Another focus is beta-amyloi vaccines which, given to patients at the onset of symptoms, fight AD using the bodies’ own immune mechanism. While Decision Resources does not expect a vaccine to hit the market until after 2015, preliminary efficacy results are promising.

Perhaps the most promising research centers on disease-modifying drugs, especially those targeting beta-amyloi proteins. “It is going to be a revolutionary change,” says Hohenberg. Decision Resources predicts that Neurochem’s Alzhemed, currently in Phase III development, will be a $2 billion drug. “It is going to be far more than a symptomatic therapy because its mechanism is targeting the disease itself,” says Hohenberg. “As long as it is tolerable, and it looks as though it is going to be, Alzhemed is going to have a huge market share in the disease stages for which it is approved.” Decision Resources data also predict that Myriad Genetics’ Flurizan—a selective beta-amyloi-lowering agent also in Phase III trials—will become a market leader, but to a lesser extent. “Experts are really divided on that drug,” says Hohenberg. “Many still perceive it as a non-steroidal, so it has the specter of cardiovascular risk, and that would be very bad to give to the elderly population.” By 2015, Decision Resources forecasts Alzhemed will secure about 46% of AD sales and Flurizan 13%.

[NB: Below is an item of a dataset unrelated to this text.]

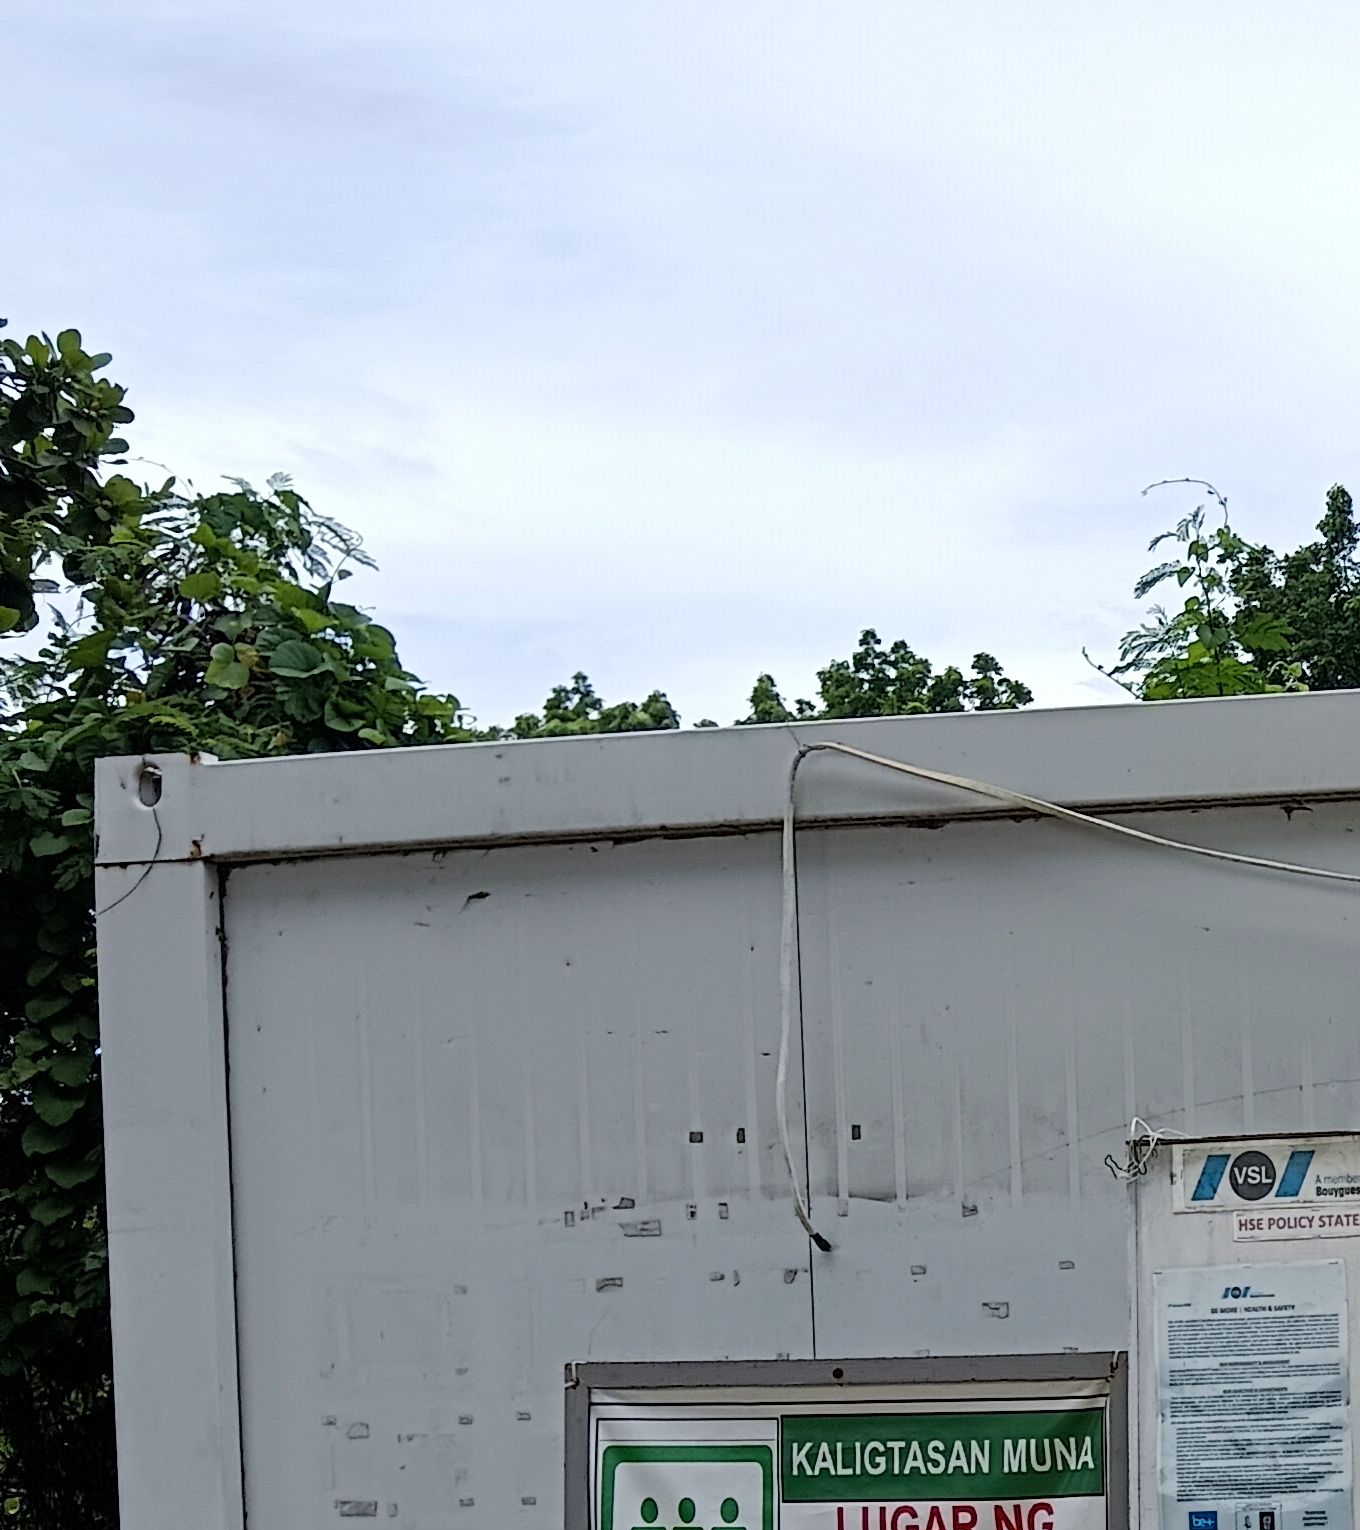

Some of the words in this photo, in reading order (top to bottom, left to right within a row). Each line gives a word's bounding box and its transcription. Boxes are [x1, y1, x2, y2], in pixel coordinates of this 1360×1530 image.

Cholinesterase inhibitors will still be used, however. “You will see more combination therapies,” says Lazarus. “There doesn’t seem to be a magic bullet that people are finding because there are many reasons for the loss of memory.”

Hohenberg agrees, believing that these drugs will not “obviate the need for symptomatic therapy.” However, Decision Resources predicts that market share of cholinesterase inhibitors, currently 72%, will fall to 31% by 2015. The main threat to the class, she says, is  generics. “The biggest skeleton in the closet for cholinesterase inhibitors—the biggest bogeyman —is generic competition.”

Generics could arrive by the end of 2010. Eisai currently has a lawsuit against generic manufacturer Teva regarding Teva’s application to approve generic Aricept before patent expiration. “That is fairly typical in a hot market like this one where you have billion-dollar drugs,” says Hohenberg. “It is fairly automatic for generic companies like Teva to challenge the patent, it is part of their marketing strategy.” In this case, Hohenberg predicts Eisai’s patent will hold up.

The AD market also faces difficulty expanding overseas. In the UK, concerns over cost-effectiveness of cholinesterase inhibitors prompted the National Institute of Health and Clinical Excellence to limit reimbursements to patients with moderate AD. Additionally, only neurologists can prescribe AD medications, and the majority of patients are referred to these specialists only at later disease stages. “There is not very much use of these drugs in the European markets,” said Hohenberg. “But disease-modifying drugs will be well accepted in Europe.”

Despite the launch of such drugs, along with an aging population and better diagnostic techniques, there are still factors limiting growth and impeding treatment. Increased diagnosis could be stalled by limitations in access to neurologists and specialized equipment, while a lack of public awareness regarding early symptoms and a continued stigma surrounding diagnosis could also limit growth as patients and caregivers deny signs and delay treatment.

“More people need to understand this disease state and recognize that there is something that can be done,” says Lazarus. “We are just uncomfortable because we can’t yet solve the problem; all we can do is slow down the progression.”